In this week’s case (Johns v. Friesen) the Plaintiff was a passenger in the Defendant’s vehicle. The Defendant encountered black ice and lost control of his vehicle. The Plaintiff was injured in this incident and sued for damages. The value of the Plaintiff’s case was agreed to leaving the Court to deal only with the issue of fault. Madam Justice Kloegman ultimately found that the Defendant was not driving negligently and dismissed the Plaintiff’s injury claim. In doing so the Court provided the following reasons:
 In my opinion, this was an unfortunate case of accident that is not attributable to anyone. There is an insufficient evidentiary basis to find that the defendant Friesen was driving below the standard of care of a reasonable, prudent driver. In fact, the evidence established that although it was winter, the driving conditions were good. The Truck and tires were in new and excellent condition. The plaintiff and defendant Friesen were both well-rested. The road conditions were good the day before and that morning, both through Merritt and on the highway. There had been no warnings from any source of black ice. The black ice was invisible, and the defendant Friesen was driving at least 20 kilometers per hour below the speed limit.
 The standard of care of a driver in these circumstances is not one of perfection: Hadden v. Lynch, 2008 BCSC 295 at para. 69. The defendant Friesen admitted that he should not have braked, but braking in such a situation is an automatic reflex to try and regain control of a skidding vehicle. The plaintiff did not suggest that this automatic reaction of the defendant Friesen could be the sole foundation for a successful allegation of negligence.
 In conclusion, I dismiss the plaintiff’s case as having failed to show on a balance of probabilities that the plaintiff was negligent in the circumstances.
This case, along with the fast approaching winter season, makes this an opportune time to remind passengers injured in single vehicle collisions of the use their statement to ICBC can have on their injury claim. My previous post addressing this topic can be found here.
Today reasons for judgment were released by the BC Court of Appeal dismissing the appeal of a very seriously injured Plaintiff who was involved in a single vehicle collision in 1998.
The Plaintiff was involved in a terrible motor vehicle accident. While driving from Tsawwassen to Vancouver on a January morning, his vehicle “left the road and overturned in the adjacent field. (he was) seriously and permanently injured, and had no recollection of the accident”.
There were, unfortunately, no witnesses to the accident itself.
When advancing a personal injury tort claim in BC, the Plaintiff has the burden of proof to prove why someone else is at fault for the accident. That is certainly difficult if the accident results in injuries that are so serious that they leave a person ‘with no recollection’ and even more difficult if there are no witnesses.
The Plaintiff sued the Ministry of Transportation and Highways and the contractor responsible for that particular stretch of roadway. The allegation was that they failed to adequately perform their maintenence duties. In other words, saying they should have and could have removed black ice from the scene of the accident.
The trial judge concluded that the Plaintiff failed to prove that the accident was caused by black ice and the claim was dismissed.
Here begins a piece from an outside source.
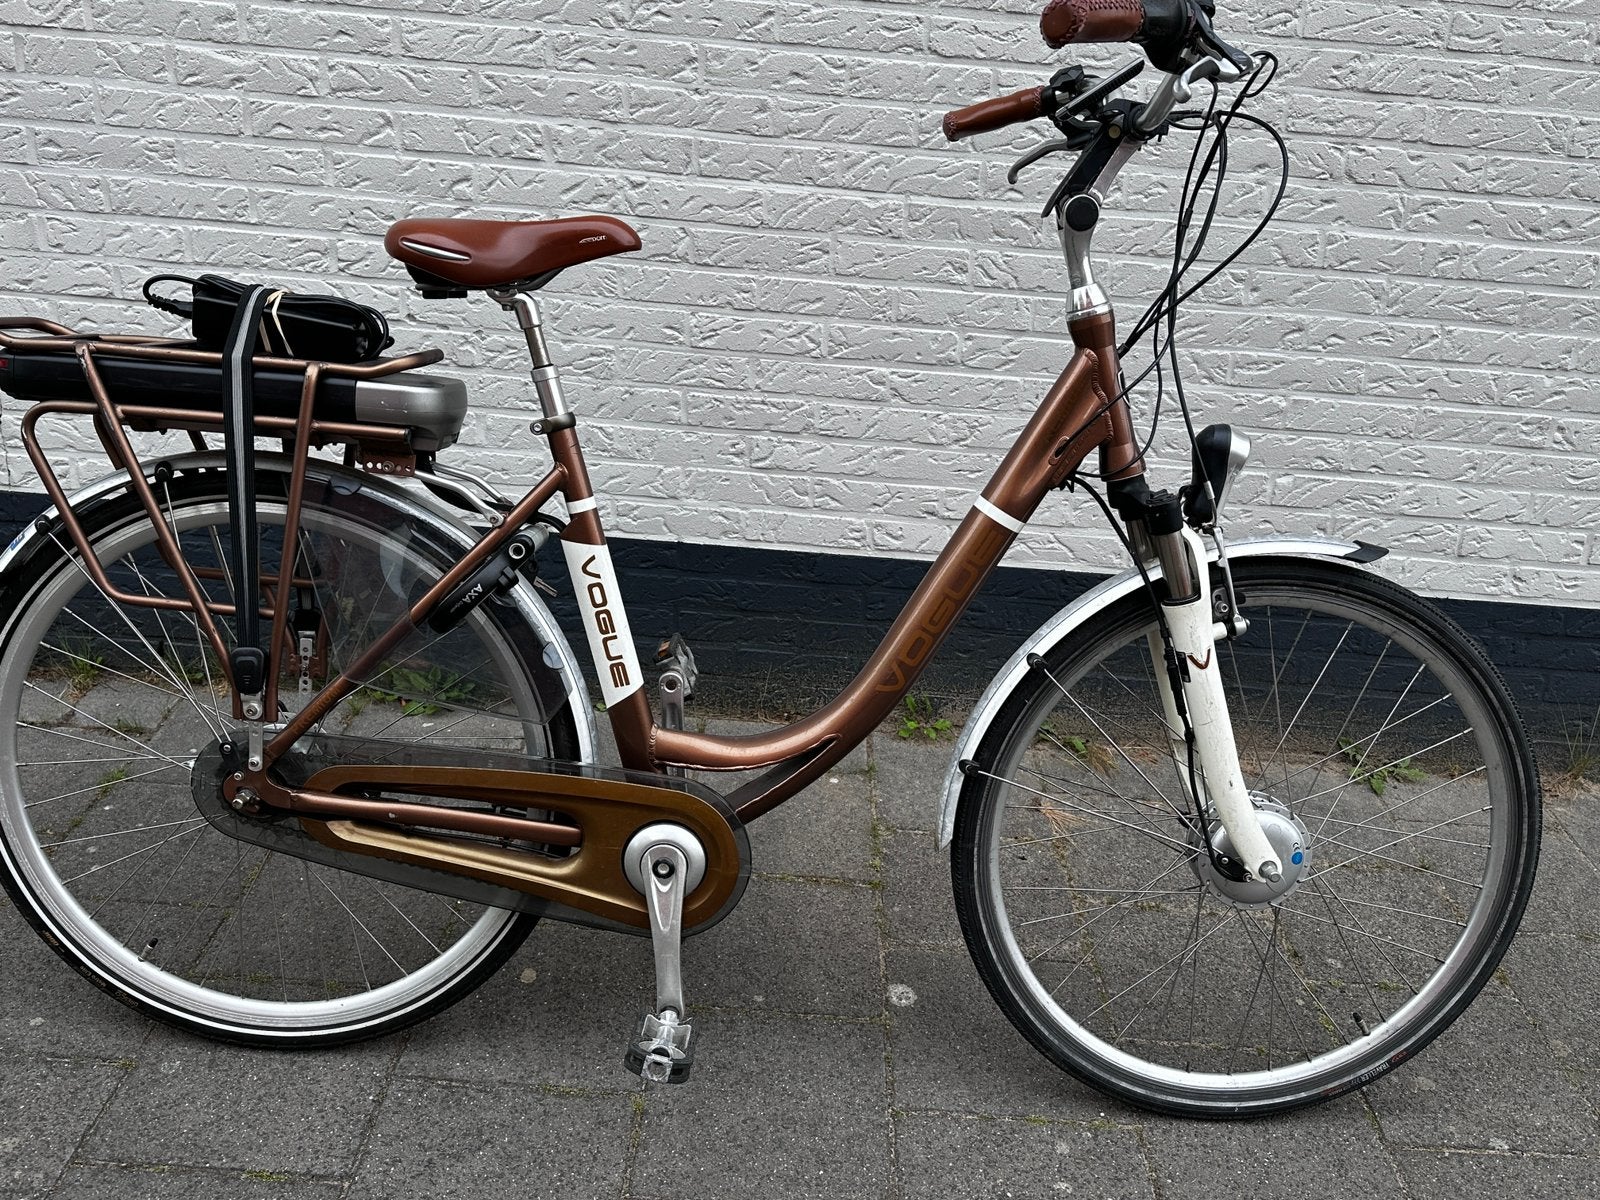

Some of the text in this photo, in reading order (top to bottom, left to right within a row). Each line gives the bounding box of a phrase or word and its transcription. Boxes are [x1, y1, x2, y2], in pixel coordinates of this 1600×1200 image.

[462, 583, 483, 603] AXA
[581, 554, 631, 688] VOGUE
[875, 529, 1003, 692] VOGUE
[1360, 1061, 1390, 1081] TRAVELLER
The BC Court of Appeal dismissed the appeal concluding that “the trial judge made none of the errors alleged (on appeal). His findings of fact were well supported by the evidence.”
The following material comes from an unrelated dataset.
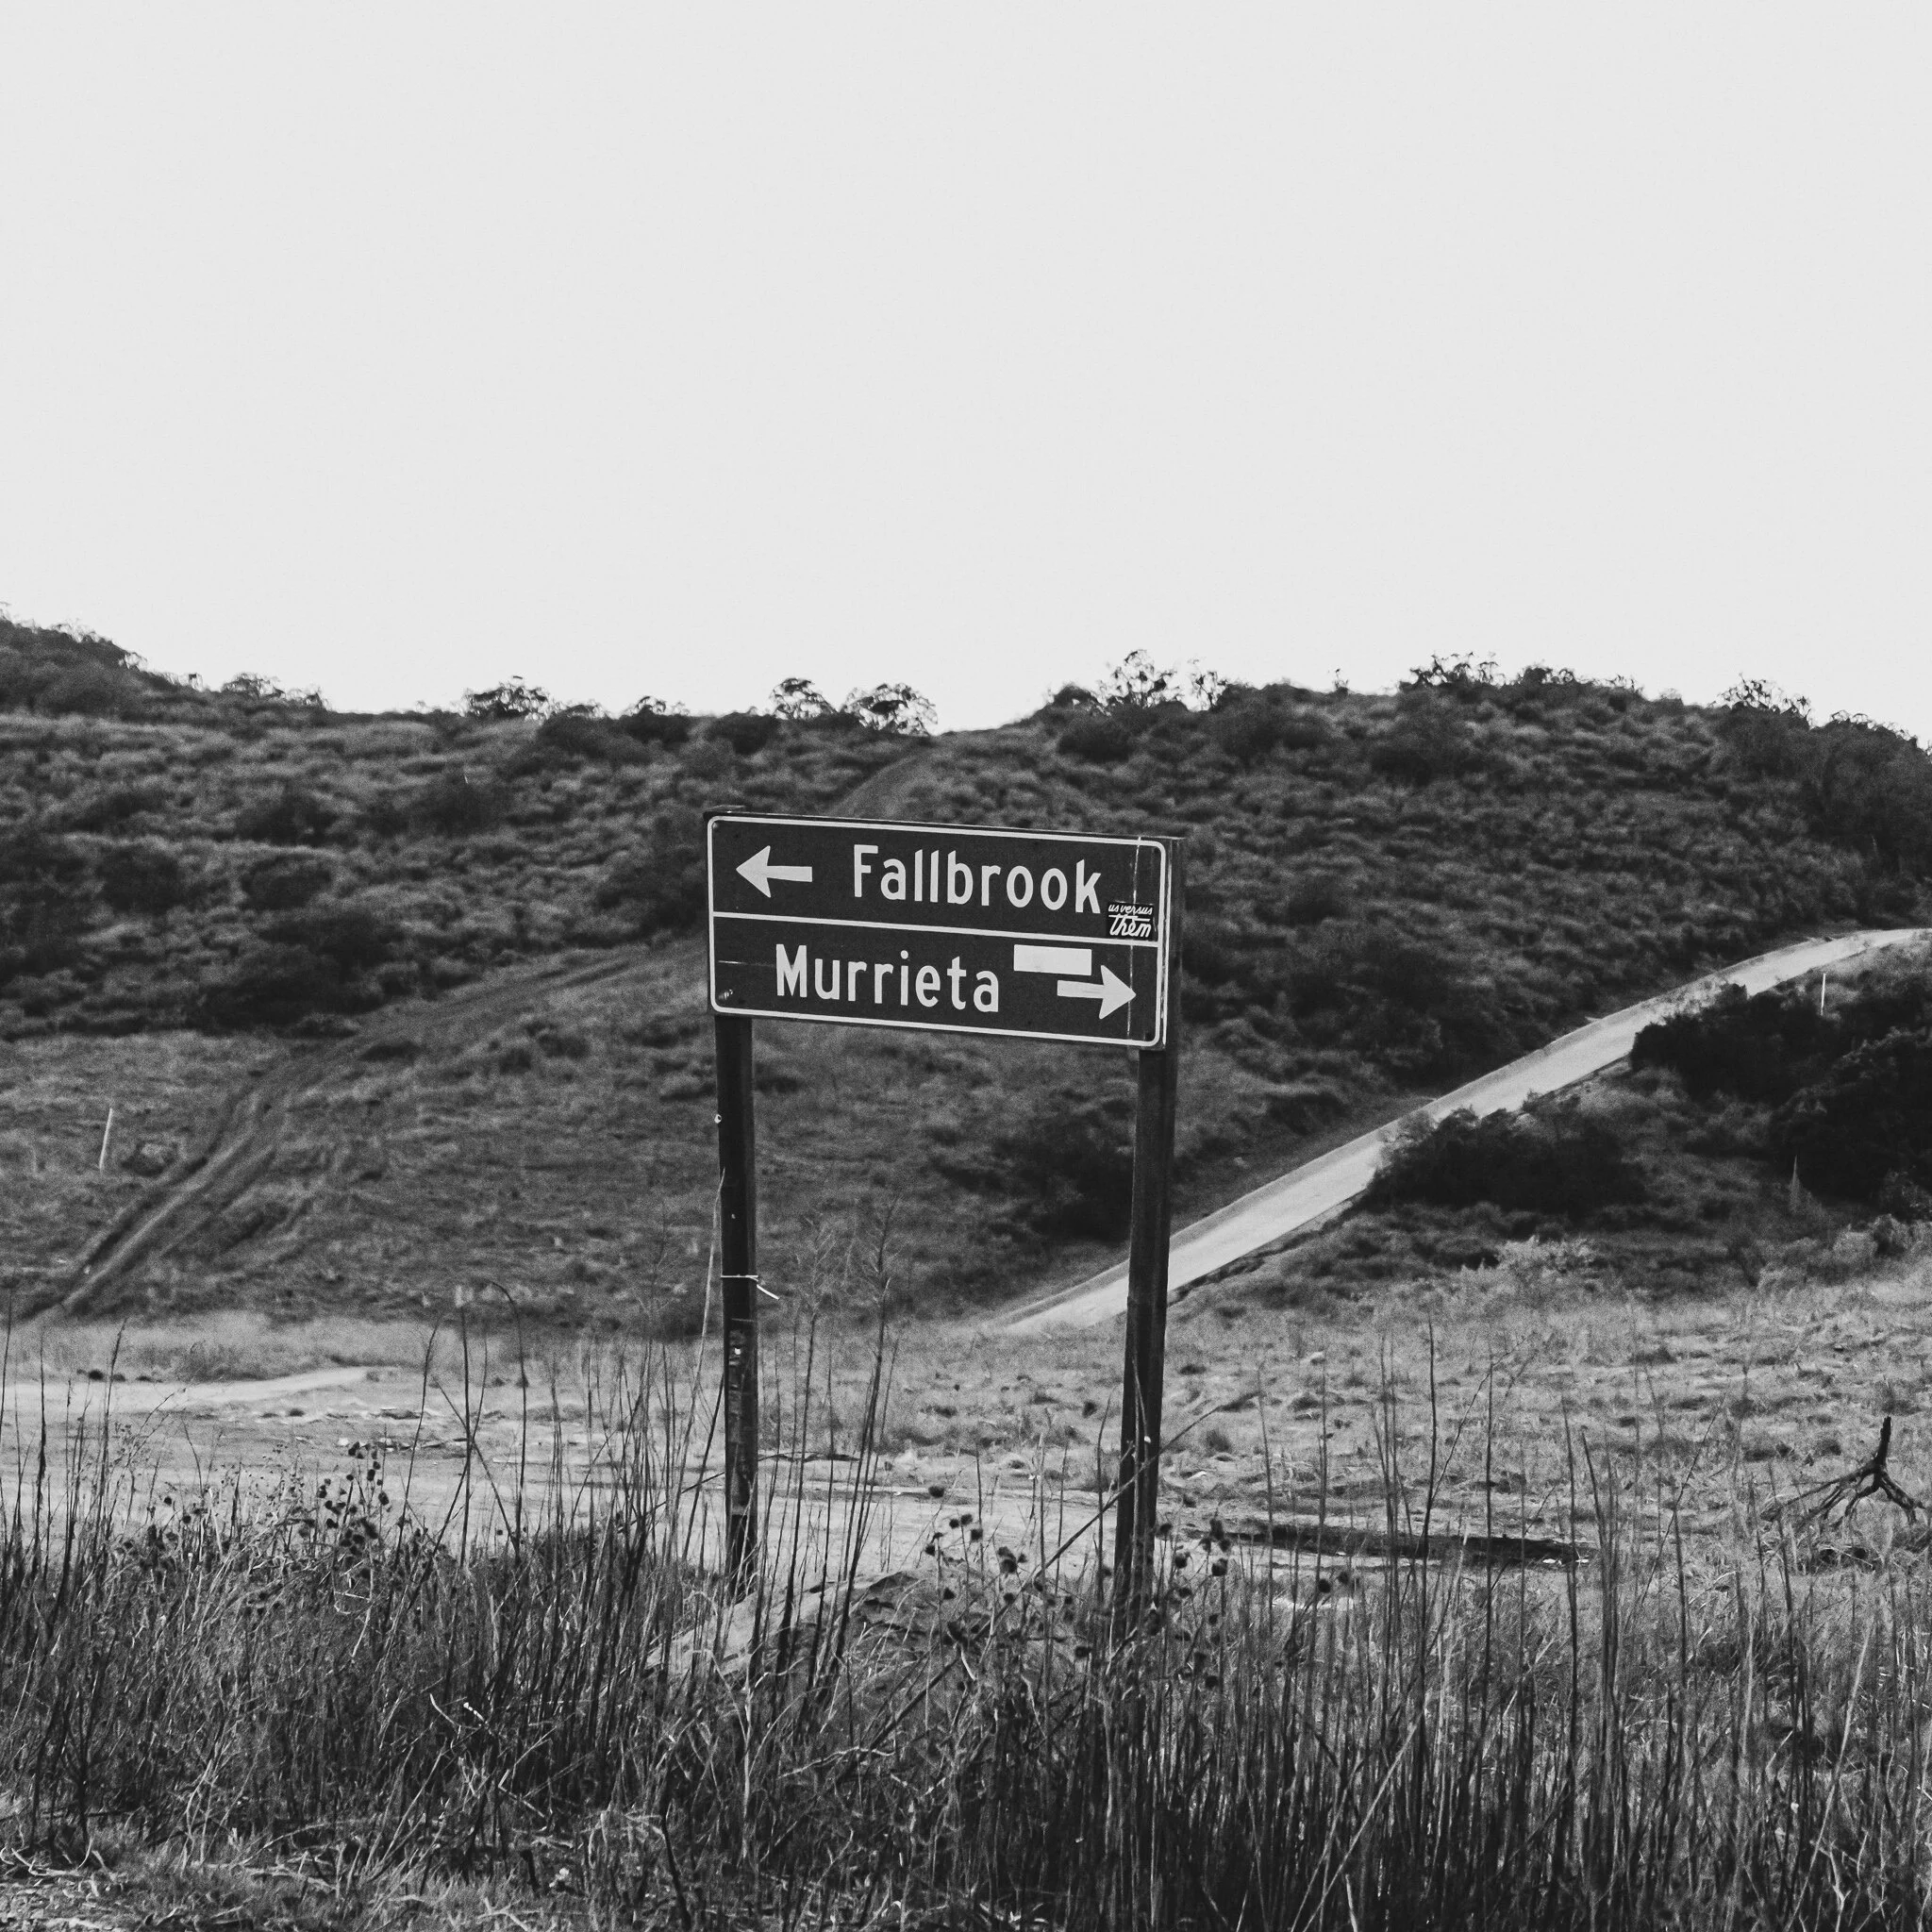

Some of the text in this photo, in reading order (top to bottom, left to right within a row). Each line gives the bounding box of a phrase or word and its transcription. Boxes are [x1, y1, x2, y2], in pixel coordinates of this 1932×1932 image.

[854, 844, 1101, 913] Fallbrook
[1108, 904, 1153, 915] us versus
[775, 943, 999, 1012] Murrieta
In reaching this conclusion the Court stated that:
The trial judge made no error by failing to compare the relative probability of black ice and an animal on the highway, or other circumstances, as explanations for the accident. He considered the evidence for and against the appellant’s theory and determined that he had not proven, on the balance of probabilities, the essential fact that black ice was present on the highway, and therefore could not prove causation. The trial judge was under no obligation to compare the relative probabilities of the theories, and his conclusion would not have differed had he done so.
The Court does a good job in discussing the burden of proof in personal injury tort claims in BC. This case is a strong illustration of the fact that Plaintiff’s must prove, on a balance of probabilities, that someone else is at fault for their injureis to succeed in a tort claim in BC.
This case is certainly worth reading for anyone advancing a claim against the Ministry of Highways in BC alleging that they or their contractors failed to safely maintian the roads under their watch.